Antisense oligonucleotide to PRC-ε alters cAMP-dependent stimulation of CFTR in Calu-3 cells

Protein kinase C (PKC) regulates cystic fibrosis transmembrane conductance regulator (CFTR) channel activity but the PKC signaling mechanism is not yet known. The goal of these studies was to identify PKC isotype(s) required for control of CFTR function. CFTR activity was measured as Cl-36 efflux in a Chinese hamster ovary cell line stably expressing wild-type CFTR (CHO-wtCFTR) and in a Calu-3 cell line. Chelerythrine, a PKC inhibitor, delayed increased CFTR activity induced with phorbol 12-myristate 13-acetate or with the cAMP-generating agents (-)-epinephrine or forskolin plus 8-(4-chlorophenylthio)adenosine 3',5'-cyclic monophosphate. Immunoblot analysis of Calu-3 cells revealed that PKC-alpha, -beta(II), -delta, -epsilon, and -zeta were expressed in confluent cell cultures.

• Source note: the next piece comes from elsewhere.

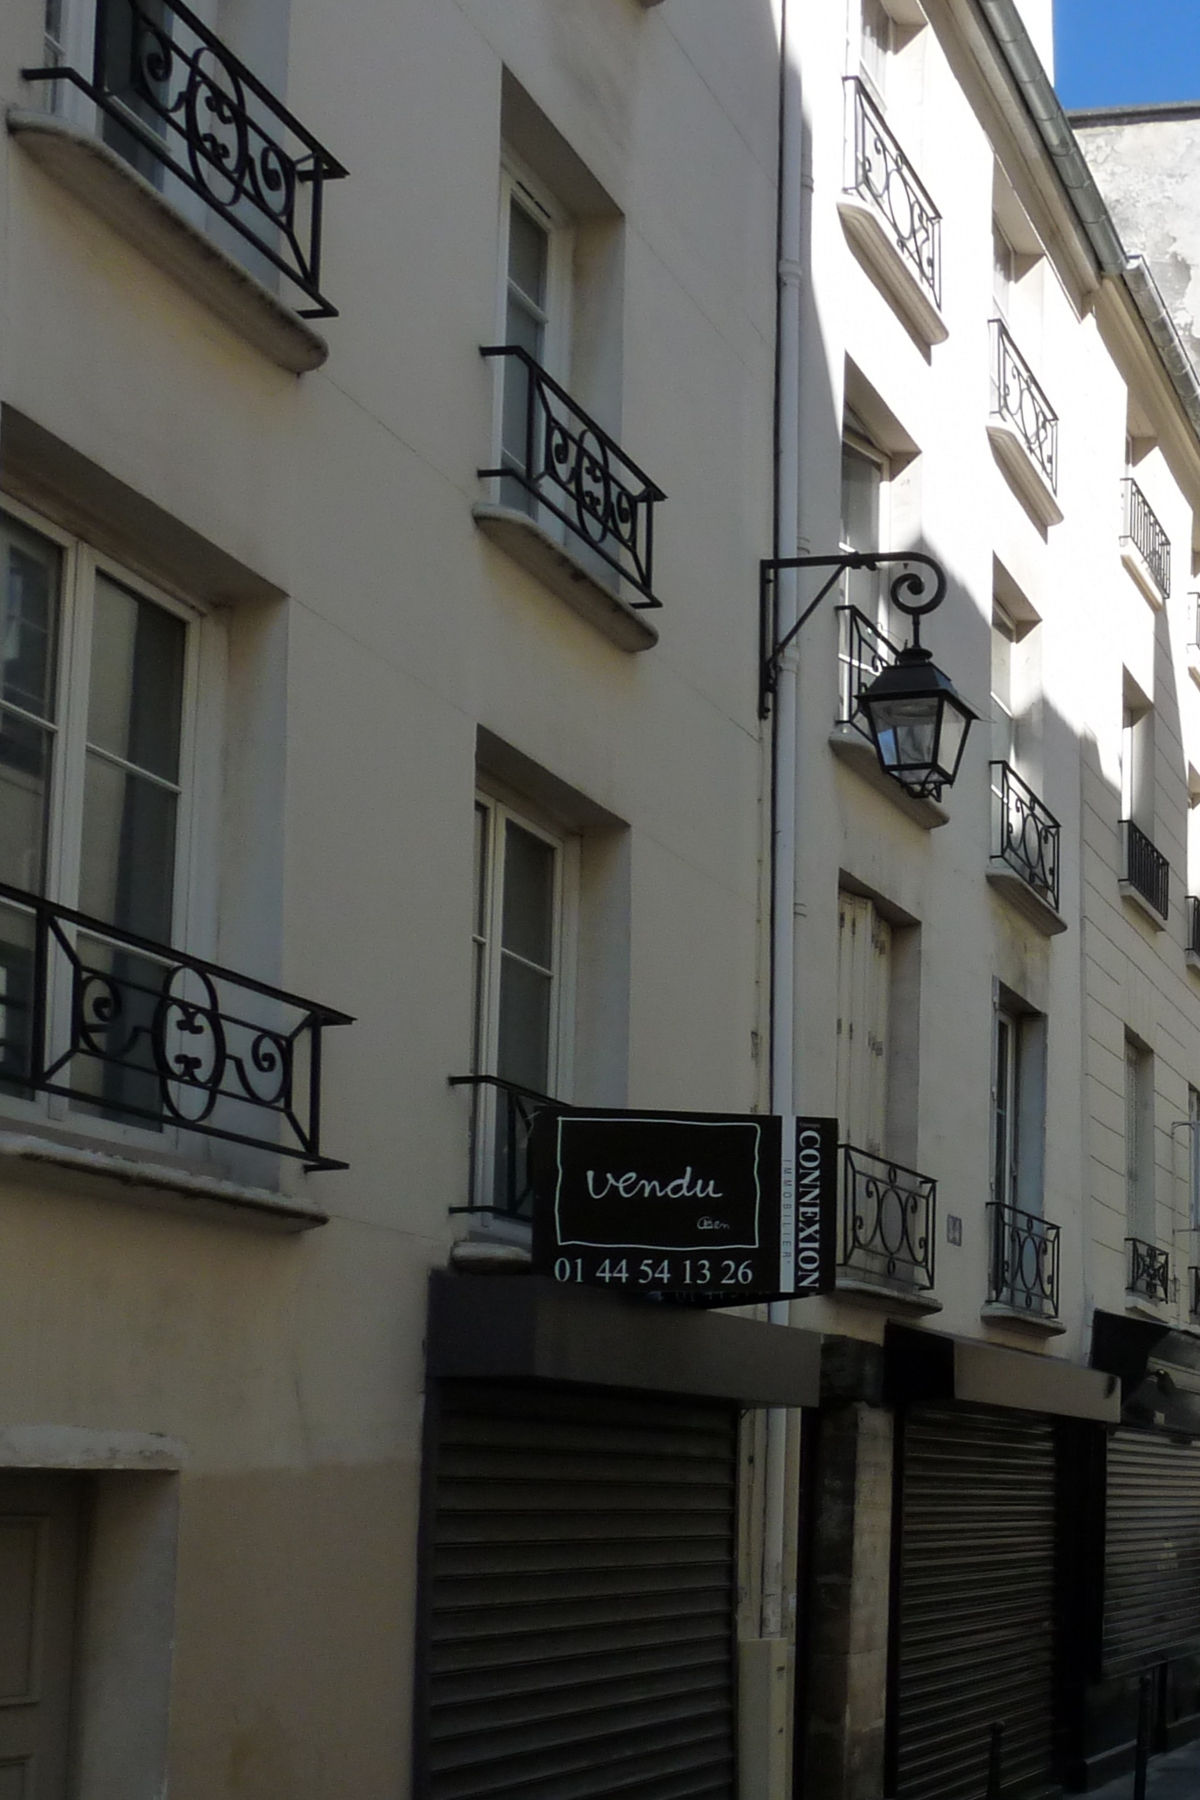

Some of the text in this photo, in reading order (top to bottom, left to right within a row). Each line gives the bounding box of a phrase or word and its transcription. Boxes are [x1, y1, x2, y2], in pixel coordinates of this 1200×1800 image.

Pretreatment of cell monolayers with Lipofectin plus antisense oligonucleotide to PKC-E for 48 h prevented stimulation of CFTR with (-)epinephrine, reduced PKC-epsilon activity in unstimulated cells by 52.1%, and decreased PKC-epsilon mass by 76.1% but did not affect hormone-activated protein kinase A activity. Sense oligonucleotide to PKC-epsilon and antisense oligonucleotide to PKC-delta and -zeta did not alter (-)-epinephrine-stimulated CFTR activity. These results demonstrate the selective regulation of CFTR function by constitutively active PKC-epsilon.